FizzyGreenWater · 05/06/2017 15:31

Weddings are now really crass, and I don't understand how it's come about really.

Used to be the case that you had a gift list and sent it to those who ASKED.

You did not pre-empt any gift giving. Very, very simple. Could apply equally to those who want money.

mummybto4 · 12/06/2017 13:40

Not sure if this is allowed, sure it will be removed if not, but www.patchwork.it solves all the problems around wedding lists and asking for money. It's brilliant - have a look!

mummybto4 · 12/06/2017 13:41

sorry it's www.patchworkit.com

!!!

Rafflesway · 12/06/2017 14:04

Definitely agree Clawdy!

We recently received an evening invite to a wedding from distant acquaintances. (Considered declining but we didn't have a valid reason to do so and it would have seemed really rude.)
Received - along with invite - cheesy poem and of course the formulaic "Dont want presents, just your presence" but followed by ""We would love some sun and contributions would be warmly welcomed" etc.

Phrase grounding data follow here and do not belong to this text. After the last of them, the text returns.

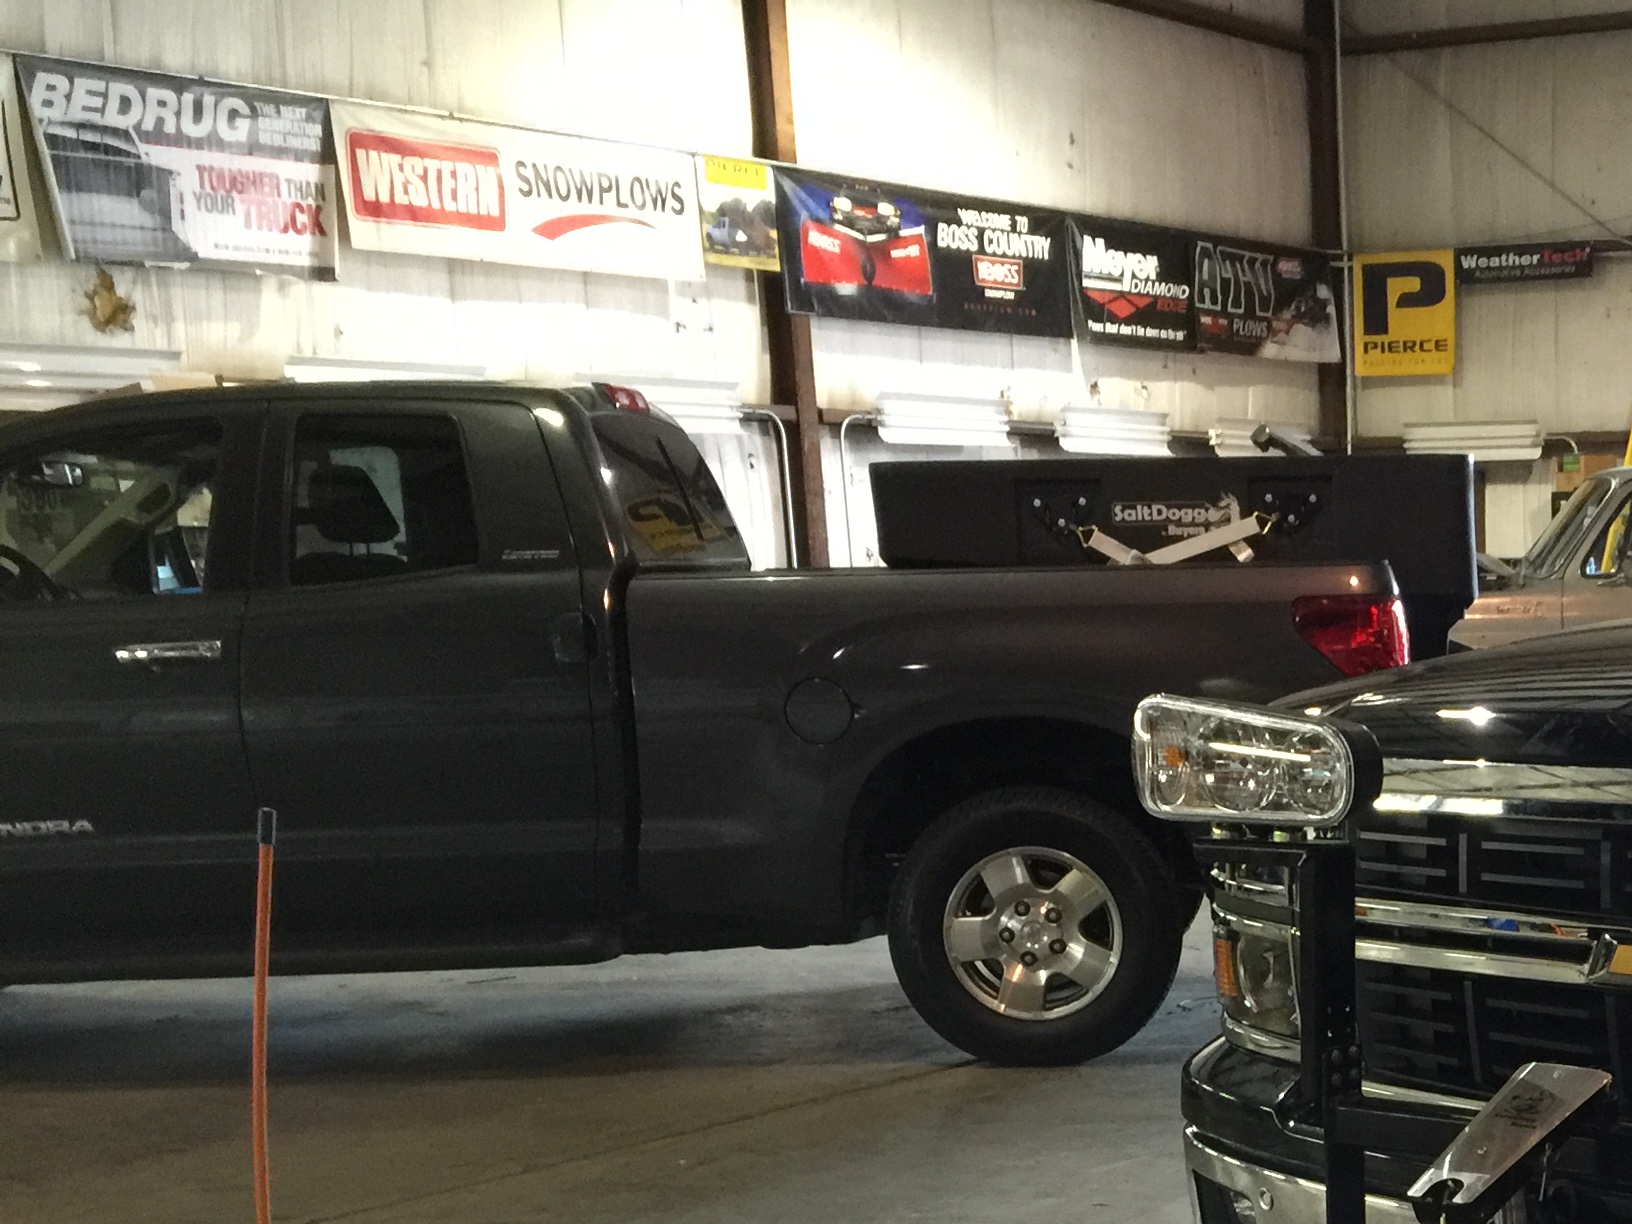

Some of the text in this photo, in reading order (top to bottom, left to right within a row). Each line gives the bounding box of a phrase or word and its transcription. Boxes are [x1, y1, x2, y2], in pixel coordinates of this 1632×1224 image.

[30, 72, 251, 142] BEDRUG
[195, 164, 326, 202] TOUGHER THAN
[355, 148, 685, 217] WESTERN SNOWPLOWS
[193, 190, 327, 237] YOUR TRUCK
[957, 208, 1028, 233] WELCOME TO
[937, 222, 1050, 259] BOSS COUNTRY
[1082, 234, 1160, 292] Meyer
[1131, 279, 1190, 299] DIAMOND
[1233, 318, 1268, 338] PLOWS
[1363, 338, 1448, 355] PIERCE
[1114, 504, 1209, 522] SaltDogg

Went to evening do - 1 hour's drive each way so not able to drink - didn't know another soul at the wedding - B & G definitely aware of this. B & G said a quick hello to us but no introductions to anyone else. We ended up sat in a corner by ourselves with our sorry looking soft drinks. Felt REALLY uncomfortable as 90% of the guests were half our age. Quietly slipped away after 2 hours but with hindsight I definitely think we were invited to make up numbers - evening reception was a set price I understand for X number of people - and for our rather healthy cheque.

Will grow a pair and decline next time! Was not an enjoyable evening for us unfortunately.

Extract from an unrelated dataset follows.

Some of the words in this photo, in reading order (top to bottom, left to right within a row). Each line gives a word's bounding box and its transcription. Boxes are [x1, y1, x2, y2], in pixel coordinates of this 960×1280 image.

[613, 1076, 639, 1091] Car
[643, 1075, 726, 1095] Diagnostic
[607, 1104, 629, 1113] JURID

LadyinCement · 12/06/2017 14:11

Glove punch, Rafflesway. Years ago dh and I drove two hours to an old friend of dh's Evening Reception. We went in and everyone was still sitting at their tables, which was awkward. It gradually dawned on us that we were the only evening guests . There was no evening buffet, no welcome drink (not free bar, of course) - just a disco. We went home. And - took our present with us! Dh was furious and never spoke to this friend again. Christmas cards/Friends Reunited etc all ignored.

Rafflesway · 12/06/2017 14:30

Well done Lady!

Strangely enough both DH and I suspected we too were the only evening guests as we didn't see anyone arrive after us and we were a few minutes early, plus everyone was in well established groups.

However, your situation sounds worse than ours was. I don't blame you for taking the gift home. That was just a dreadful situation to place you in. (At least our embarrassment was hidden by a very dark corner away from disco dance floor.)

I know when we married many moons ago we hardly saw each other all evening as we made a concerted effort to ensure everyone had a comfortable seat and had other like minded people to converse with. Isn't that just good manners or me showing my age again?